▶ [THE PROBLEM] Once the pictures have been removed, repeat the remainder of the records exactly.

═════ RECORDS FOR THIS TASK

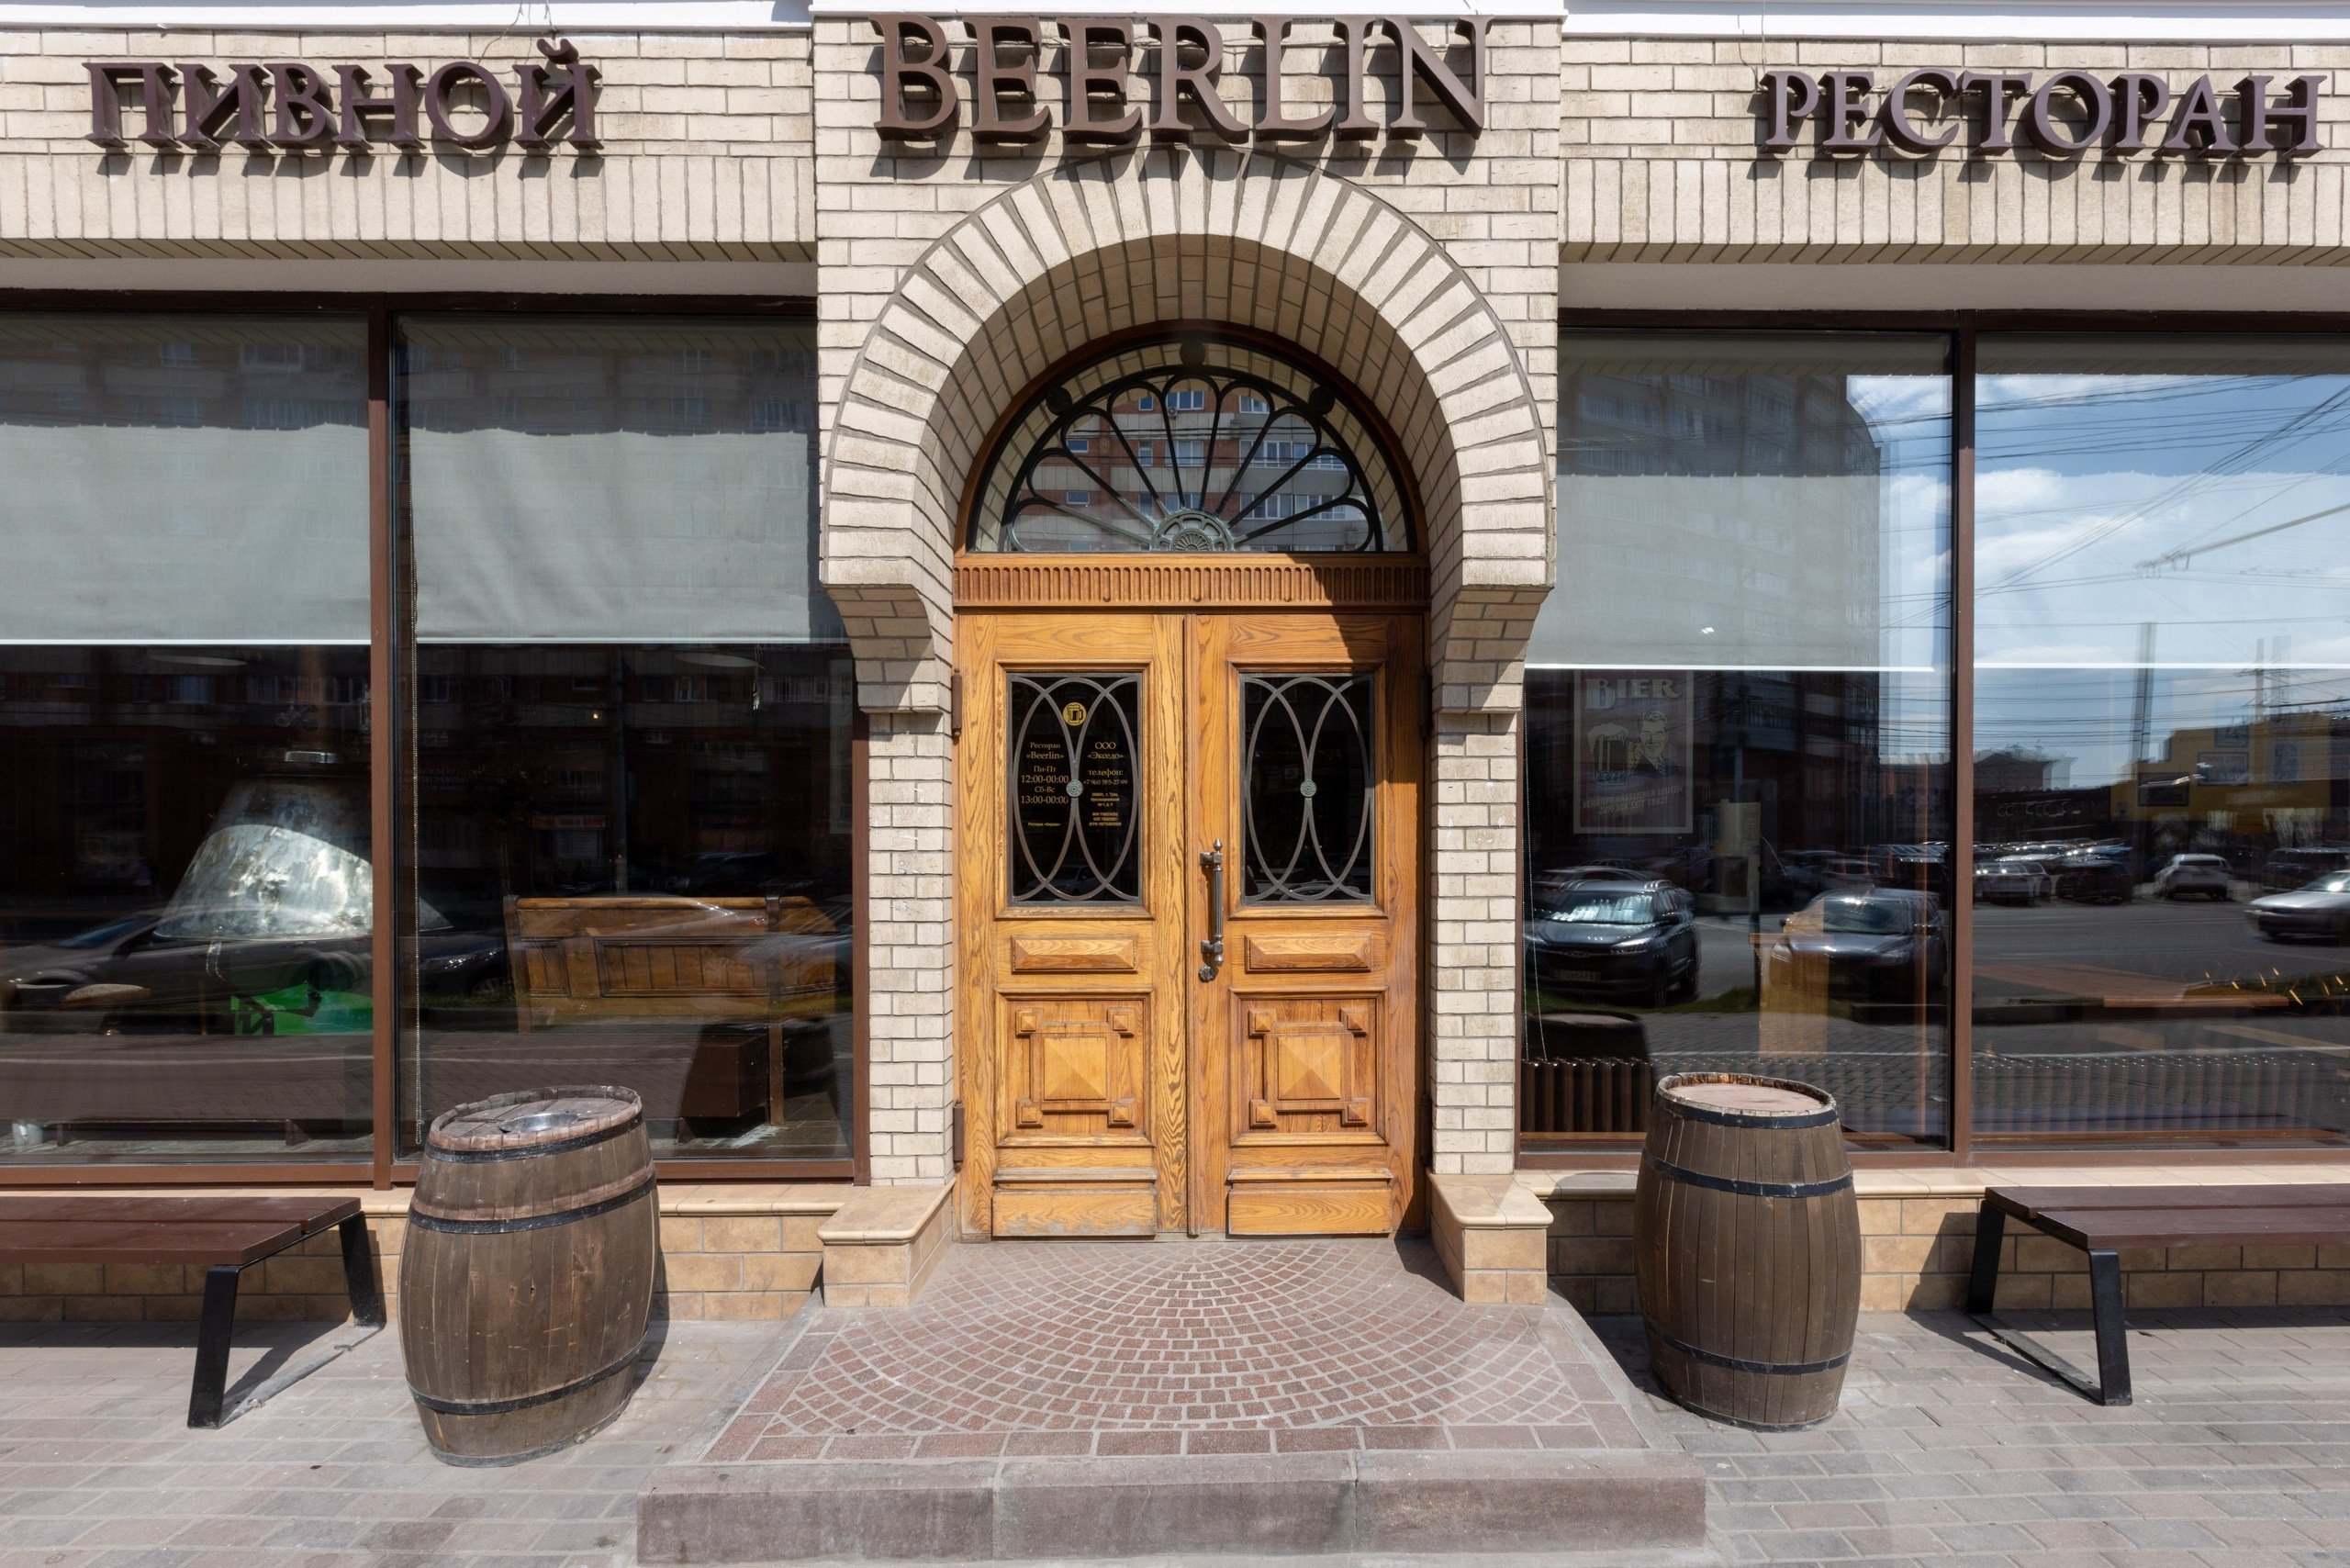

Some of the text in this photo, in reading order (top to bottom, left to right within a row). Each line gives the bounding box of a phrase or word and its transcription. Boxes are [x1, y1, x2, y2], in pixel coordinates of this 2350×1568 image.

[869, 14, 1494, 145] BEERLIN
[82, 38, 605, 151] ПИВНОЙ
[1759, 66, 2329, 159] РЕСТОРАН
[1584, 678, 1682, 710] BIER
[1030, 742, 1060, 750] Ресторан
[1026, 751, 1064, 759] «Beerlin»
[1088, 752, 1124, 760] «Экседо»
[1088, 768, 1124, 778] телефон:
[1021, 775, 1069, 783] 12:00-00:00
[1021, 795, 1069, 804] 13:00-00:00

══════════

▶ [SOLUTION FOR THIS TASK]
Some of the text in this photo, in reading order (top to bottom, left to right within a row). Each line gives the bounding box of a phrase or word and its transcription. Boxes are [x1, y1, x2, y2], in pixel coordinates of this 2350×1568 image.

[869, 14, 1494, 145] BEERLIN
[82, 38, 605, 151] ПИВНОЙ
[1759, 66, 2329, 159] РЕСТОРАН
[1584, 678, 1682, 710] BIER
[1030, 742, 1060, 750] Ресторан
[1026, 751, 1064, 759] «Beerlin»
[1088, 752, 1124, 760] «Экседо»
[1088, 768, 1124, 778] телефон:
[1021, 775, 1069, 783] 12:00-00:00
[1021, 795, 1069, 804] 13:00-00:00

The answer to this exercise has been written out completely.